January 23, 2014
“Dove: Real Beauty Sketches” by Ogilvy & Mather Ad Agency, April 14, 2013 < http://realbeautysketches.dove.us/ >
In April 2013, Dove launched a “Real Beauty” campaign after performing marketing research and discovering that only 2% of all women consider themselves to be “beautiful”. In an effort to boost self-esteem and moral, Dove introduced a television ad in the form, which incorporated a powerful and touching social experiment.
In this commercial, several different women are asked to describe their physical appearance to a forensic sketch artist, who cannot see them as he sketches their physical descriptions. They are told to use neutral terms, and to “stick to the facts” when describing their own self-reflections. Next, the same women are described to the same forensic sketch artist by a complete stranger, whom they had only met the day before. The strangers are given the same instructions.
At the end of this unknown experiment, both descriptions are drawn by the artist and then compared. Upon comparison, it is incredibly obvious that the stranger’s physical descriptions of the subject are more flattering, and more accurate depict the subject’s true appearance.
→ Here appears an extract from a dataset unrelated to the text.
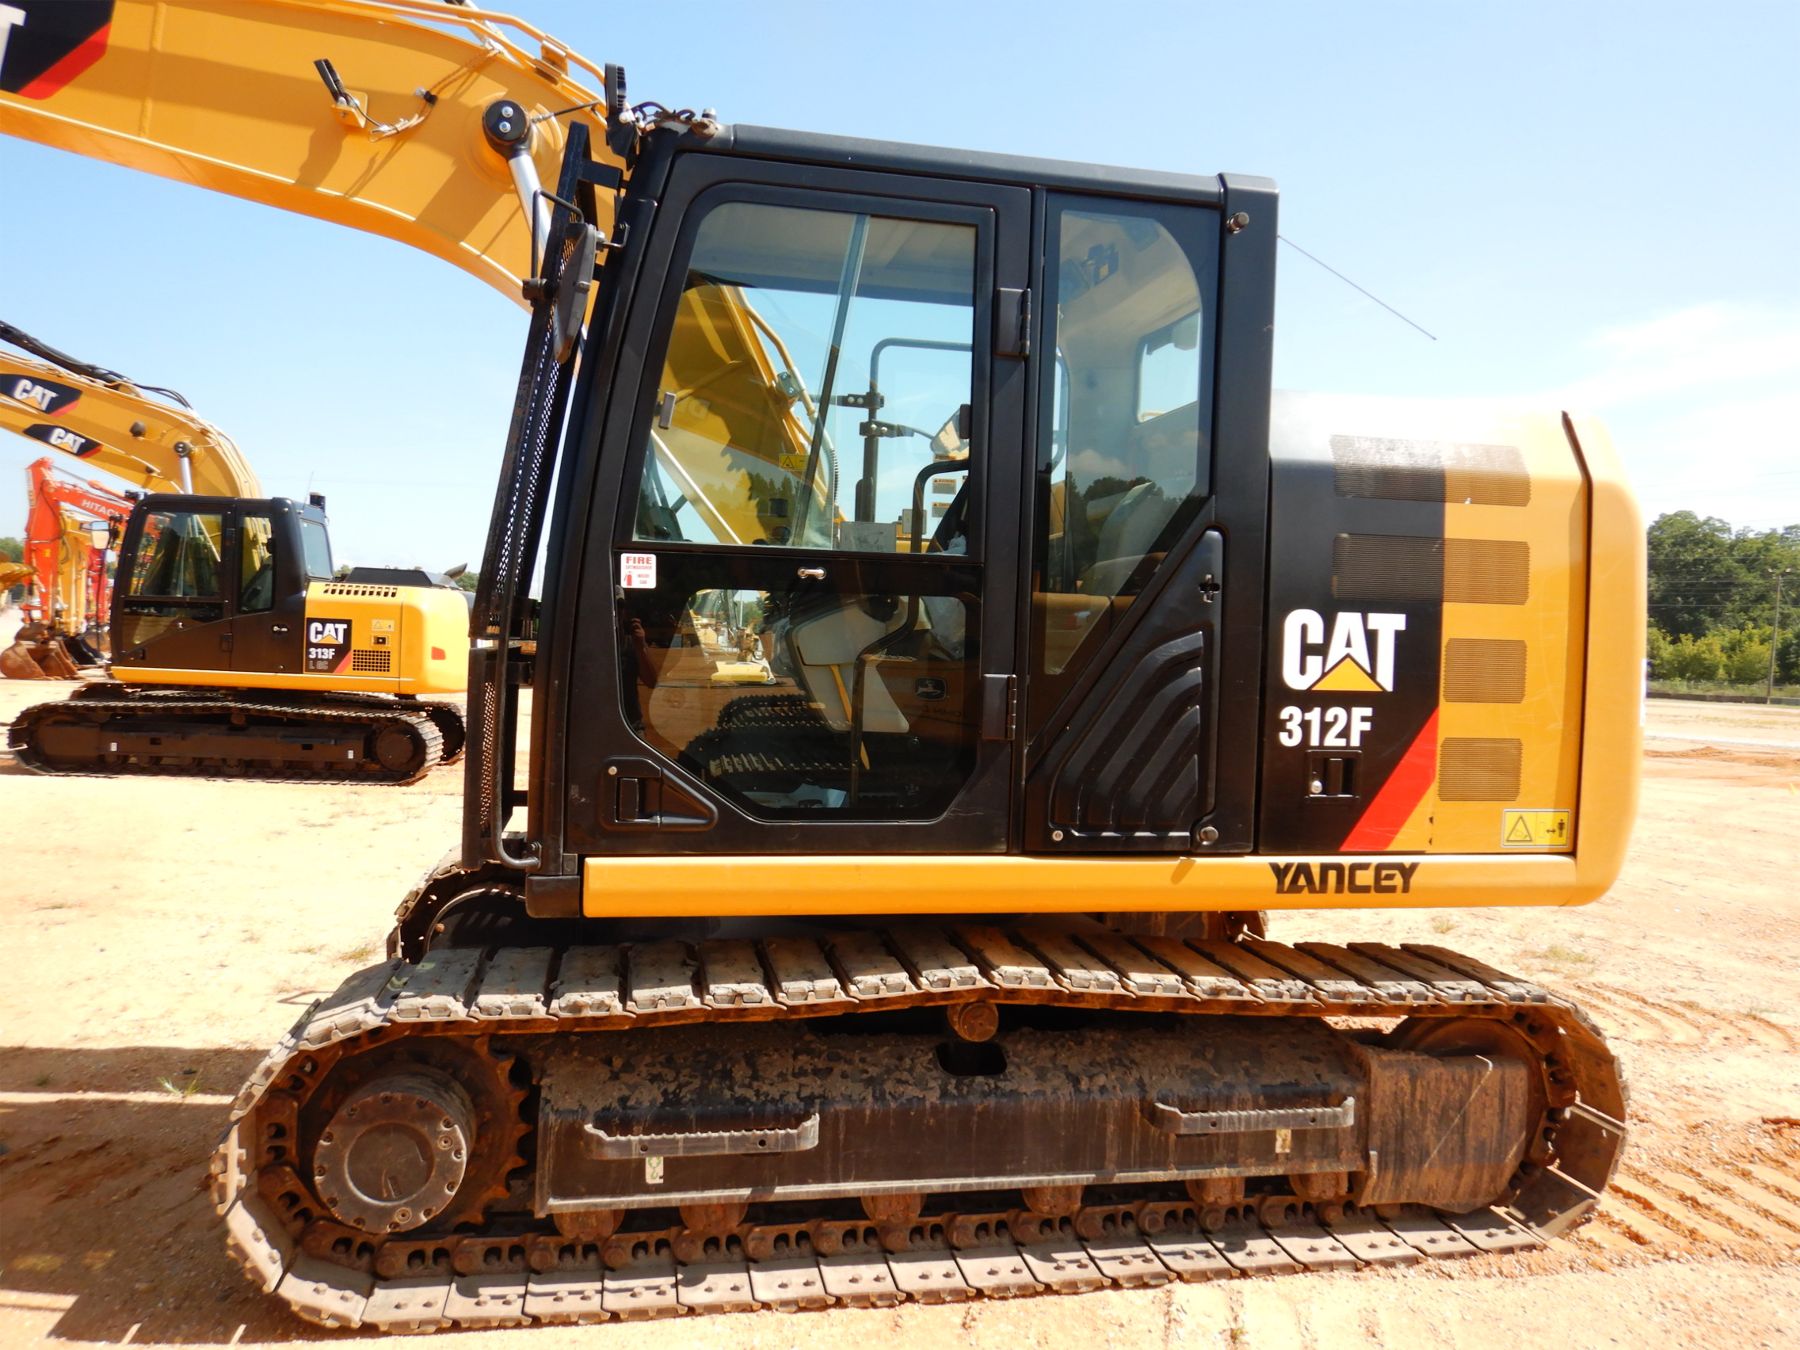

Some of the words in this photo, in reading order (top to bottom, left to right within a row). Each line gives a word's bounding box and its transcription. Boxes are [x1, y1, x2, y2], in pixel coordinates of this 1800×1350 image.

The commercial sends a very inspiring, real message to the women: to be less critical of yourself, and to embrace the natural beauty of womanhood. After the experiment took place, one woman admitted, “I should be more grateful of my natural beauty. It impacts the choices and the friends we make; the jobs we apply for; how we treat our children; it impacts everything. It couldn’t be more critical to your happiness.” To the same point, another woman added, “we spend a lot of time as women analyzing and trying to fix the things that aren’t quite right, and we should spend more time appreciating the things that we do like.” The commercial ends with a powerful and honest message: “You are more beautiful than you think.”
The “Real Beauty Sketches” ad resulted in widespread...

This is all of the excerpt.